Analista angolano Reginaldo Silva diz não acreditar numa reação do Presidente José Eduardo dos Santos (foto), uma vez que o incidente se passou no interior do país

Ameaças

"E fizeram uma carta aberta, a queixar ao camarada Presidente, porque no MPLA não há democracia, que a administradora do Cuemba não quer nem a democracia nem a reconciliação nacional," pormenorizou o governador do Bié.

Boavida Neto fez ainda ameaças aos membros da UNITA ao declarar que "a UNITA tem abusado muito aqui em nosso território. Vão levar mais umas bofetadas."

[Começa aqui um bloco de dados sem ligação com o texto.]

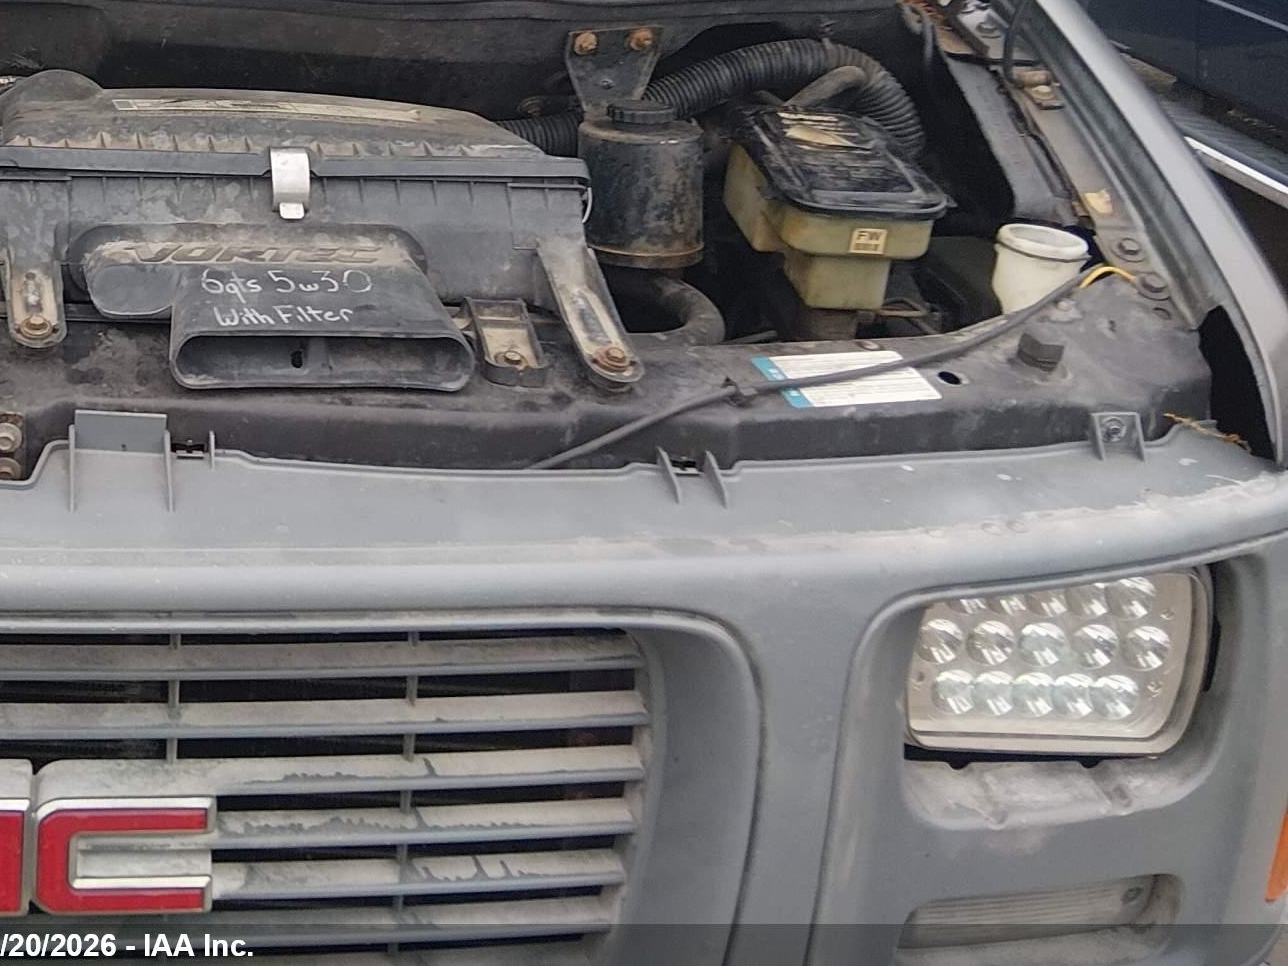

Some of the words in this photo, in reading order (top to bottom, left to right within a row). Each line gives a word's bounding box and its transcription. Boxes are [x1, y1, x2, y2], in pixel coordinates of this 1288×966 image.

[122, 243, 383, 265] VORTEC
[201, 267, 263, 304] 6qts
[213, 305, 276, 327] With
[272, 304, 355, 325] Filter

Com essas declarações, fica registado o primeiro caso, desde que foi alcançada a paz em 2002, em que um dirigente de proa do partido no poder em Angola, Álvaro Boavida Neto, assume publicamente, ainda que de forma indireta, que o MPLA é um protagonista da intolerância política.

O jornalista e analista político, Reginaldo Silva, descreveu as declarações do governador do Bié como "particularmente agressivas à UNITA".

O analista político lembra ainda que "há um conjunto de acontecimentos particularmente graves" e avalia: "diria que estamos diante de uma postura política que é difícil de aceitar à luz, efetivamente, de todo o processo que Angola conhece".

Reginaldo Silva

Analista político e jornalista Reginaldo Silva (foto), avalia as palavras do governador do Bié como "difíceis de aceitar"

Reações em Luanda?

Questionado sobre se o MPLA e o Presidente da República deveriam pronunciar-se sobre o assunto, Reginaldo Silva disse considerar difícil, uma vez que "sabemos que o poder central normalmente não valoriza muito esses incidentes que têm lugar no interior."

Exceções seriam incidentes que "ultrapassem os limites". "Se é possível falar de limites quando há pessoas a serem vítimas de violência política, porque a própria violência política já é uma quebra dos limites aceitáveis em democracia," considerou.

A DW África, contatou o secretário do escritório político do MPLA para informação e propaganda, Mario António, mas não tivemos qualquer reação.

Enquanto isto, a UNITA publicou na sua página da internet uma lista bastante acusatória, na qual dá conta dos danos humanos e materiais causados em consequência da intolerância política contra os seus militantes na província do Bié.

O maior partido na oposição angolana dá ainda conta do falecimento de um bebé de dois meses, que teria sido morto à catananuma disputa política que teria envolvido elementos da JMPLA, braço juvenil do MPLA, e efetivos das Forças Armadas Angolanas (FAA) e da Polícia Nacional (PN).